You probably know you’re wasting time on the driving range…
Maybe you don’t want to admit it but your practice isn’t translating to the golf course. The time (or lack of) you’ve spent practicing hasn’t been working.
And let’s dig a little deeper…
Maybe you don’t know what you ACTUALLY need to do to improve. What should you work on when you go to the range?
Most would say start with the 7 iron hit some shots and then work through the bag hitting a couple shots with each club until your done… And spend time putting and chipping! We’ve all heard that.
But what kind of plan is that? If it works wouldn’t we all be getting better.
So here are 4 practice hacks to get you on the right path. A path to taking your best game to the course.
*And these aren’t just “idea” we’re basing this off research done on how people effectively learn motor skills
Hack #1 – Practice Like You Play
A critical factor of effective practice is the similarity to the performance environment. When you go out onto the golf course and actually play golf you face a new problem with each shot. No two situations are the same.
Yet the typical practice session is composed of practicing the “same problem” (or golf shot) over and over again. If we want to improve performance we need to practice like we play.
Check out this amazing quote:
“The concept of practice specificity is that what you learn tends to be what you practice.
In our view, an “optimal” driving range would have a number of deliberately nonflat lies, with varying turf, with targets on the range that mimic both greens and nongreen targets (for playing lay-up shots), with objects placed in front of the golfer to encourage shots to be played over, under, and around them, and so on.
The idea is to make the driving range as similar to the actual play-on-course as possible.”
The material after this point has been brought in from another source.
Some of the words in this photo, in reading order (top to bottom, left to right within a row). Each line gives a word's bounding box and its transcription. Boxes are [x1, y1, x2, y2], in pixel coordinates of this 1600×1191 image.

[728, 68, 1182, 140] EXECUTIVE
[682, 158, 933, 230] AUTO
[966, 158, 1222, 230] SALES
PaR (Plan-act-Review) Golf: Motor Learning Research and Improving Golf Skills by Timothy D. Lee McMaster University Richard A. Schmidt Human Performance Research
So when you go to the range simulate the golf course… Or even better make the golf course your range. The best place to practice is the course itself.
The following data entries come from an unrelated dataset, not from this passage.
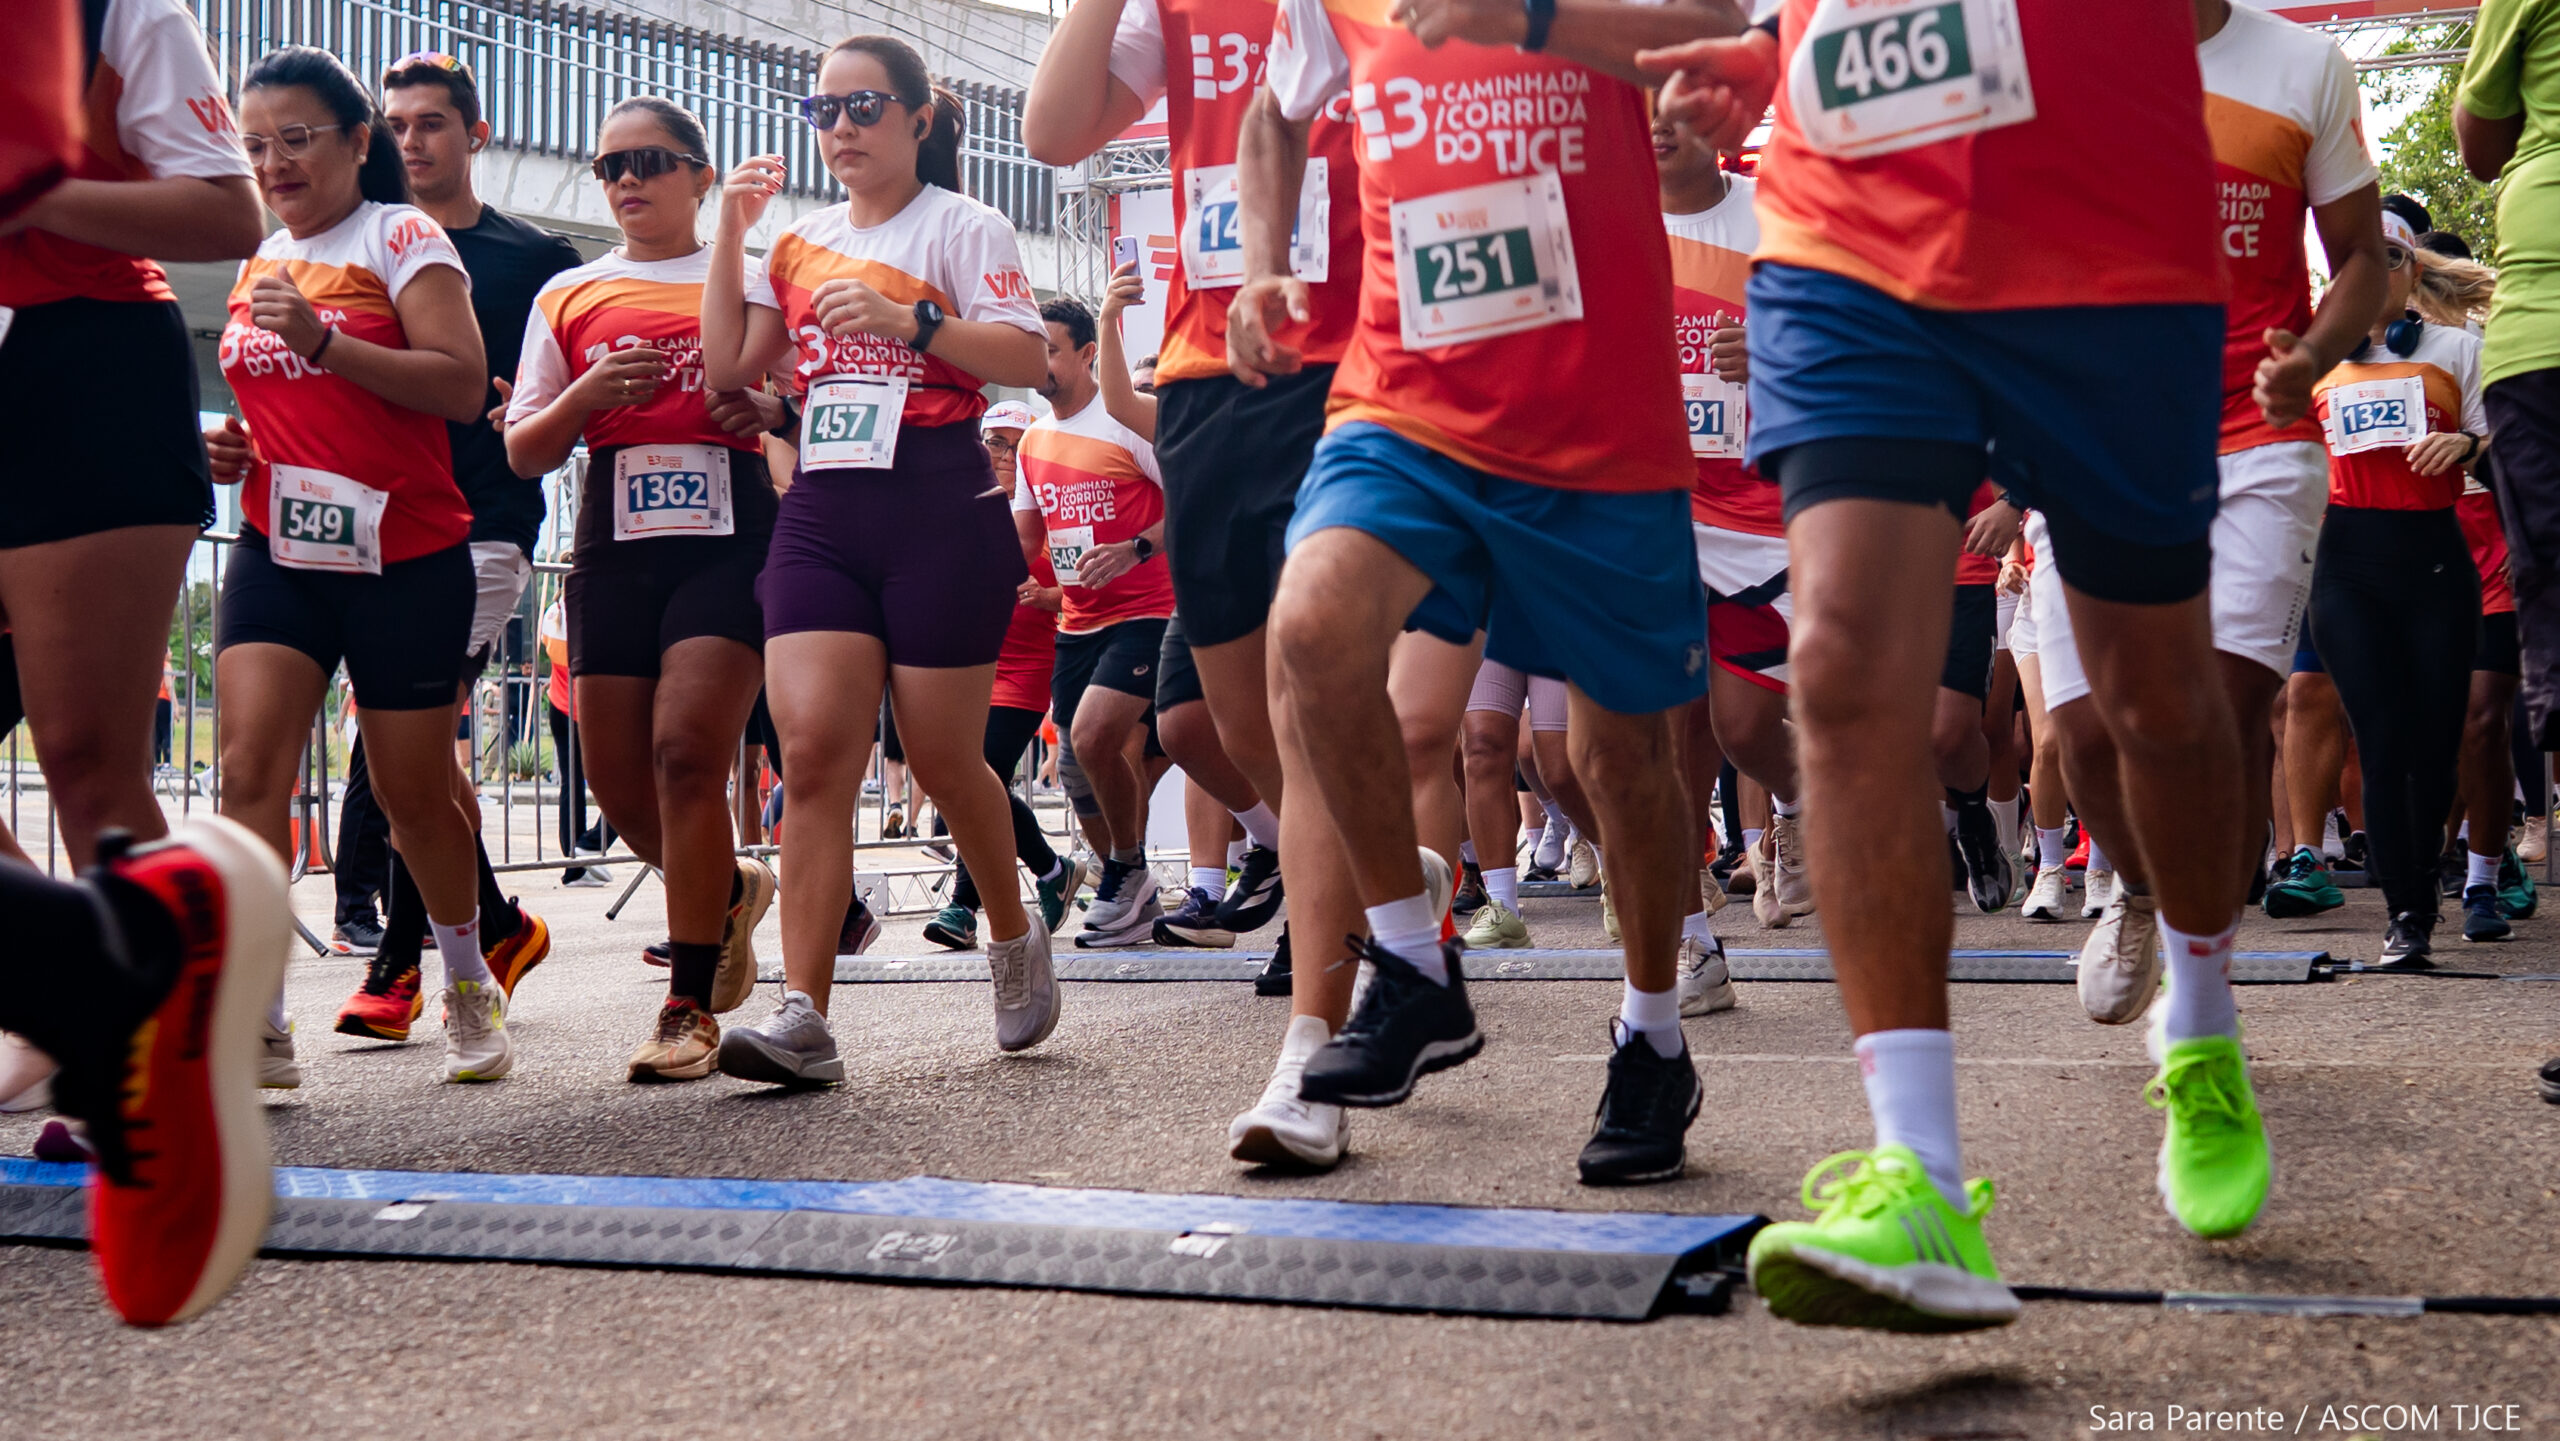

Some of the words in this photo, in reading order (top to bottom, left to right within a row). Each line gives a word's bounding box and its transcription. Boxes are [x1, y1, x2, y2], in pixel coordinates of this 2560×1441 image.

[1834, 8, 1949, 97] 466
[1442, 70, 1591, 103] CAMINHADA
[1435, 131, 1482, 164] DO
[1486, 127, 1586, 174] TJCE
[2222, 223, 2260, 257] CE
[1428, 232, 1514, 299] 251
[243, 353, 275, 377] DO
[815, 405, 868, 440] 457
[1685, 401, 1720, 433] 91
[2344, 401, 2406, 432] 1323
[630, 473, 707, 509] 1362
[1061, 479, 1116, 494] CAMINHADA
[288, 500, 344, 541] 549
[1061, 505, 1076, 521] DO
[1075, 501, 1117, 525] TJCE
[1051, 547, 1078, 568] 548
Hack #2 – Set Appropriate Challenges
To many people practice what’s easy. They assume that if they’re aren’t hitting it well on the range or chipping the ball within a 3 foot circle during their practice they aren’t getting better.
Here’s the reality. Good performance during practice does not mean you are learning. In fact challenging yourself and lowering performance during practice can help you take those skills to the course.
By increasing the difficulty or challenge of your practice you’re increasing your learning potential.
Here’s a quote from two leading experts in the field Nicholas C. Soderstrom and Robert A. Bjork
“Conditions that induce the most errors during acquisition are often the very conditions that lead
to the most learning!”
Next time you’re in practice mode set up a number of desirable difficulties and don’t practice what’s easy.
Hack #3 – Change Your Focus
To many people focus on what they want their body to do in the swing.
“My elbow should be here”
“My hip needs to shift like this”
The problem is that an internal focus reduces fluidity and causes you to actually learn and perform worse.
When talking with Dr Gabrielle Wulf, author of a paper called “Attentional focus and motor learning: a review of 15 years” she said.
“When you focus on body movements, you consciously try to control your movements and the result is that you constrain your motor system, meaning there will be unnecessary co-contractions between agonists and antagonists, and even superfluous contractions in other muscles as well.
That disrupts the fluidity of the movement, and people use more energy than necessary, and accuracy of their movements is degraded and so forth. Now, when you use external focus, you use more automatic control processes which are unconscious, much faster, and as a result, movements are more efficient, more fluid, smoother, and more accurate.
So, performance and learning is facilitated and sped up.”
Hack #4 – Give Yourself a Break
HOW SUCCESS IS DEFINED HAS AN IMPACT ON HOW WE LEARN AND HOW WE PERFORM.”
In golf, the default status is to focus on what’s wrong and what needs to be fixed.
However, there is a lot of research happening (and plenty already out there) on motivational learning, which looks at the factors of motivation that have an impact on how effective an individual’s learning can be.
Let’s assume there are two groups of people and each group is asked to perform a motor task. One group is told their score after the task, while the other group is told their score in addition to some positive feedback such as “you have performed well relative to others.”
The second group — the one that received a second form of positive feedback — will do better, as it appears that this additional sense of success is what potentiates learning. Returning to the scenario a day later, the second group will also retain more of what they learned the first day when asked to perform a similar or somewhat related task. Not only that, but they will once again outperform the group that did not receive the additional sense of success.
In terms of practical applications for improving your game, it looks as though positive thinking is a key player. We all know that a strong mental game is a major component of success in sports, but the glass-half-full mentality really does seem to make a difference in performance and learning retention.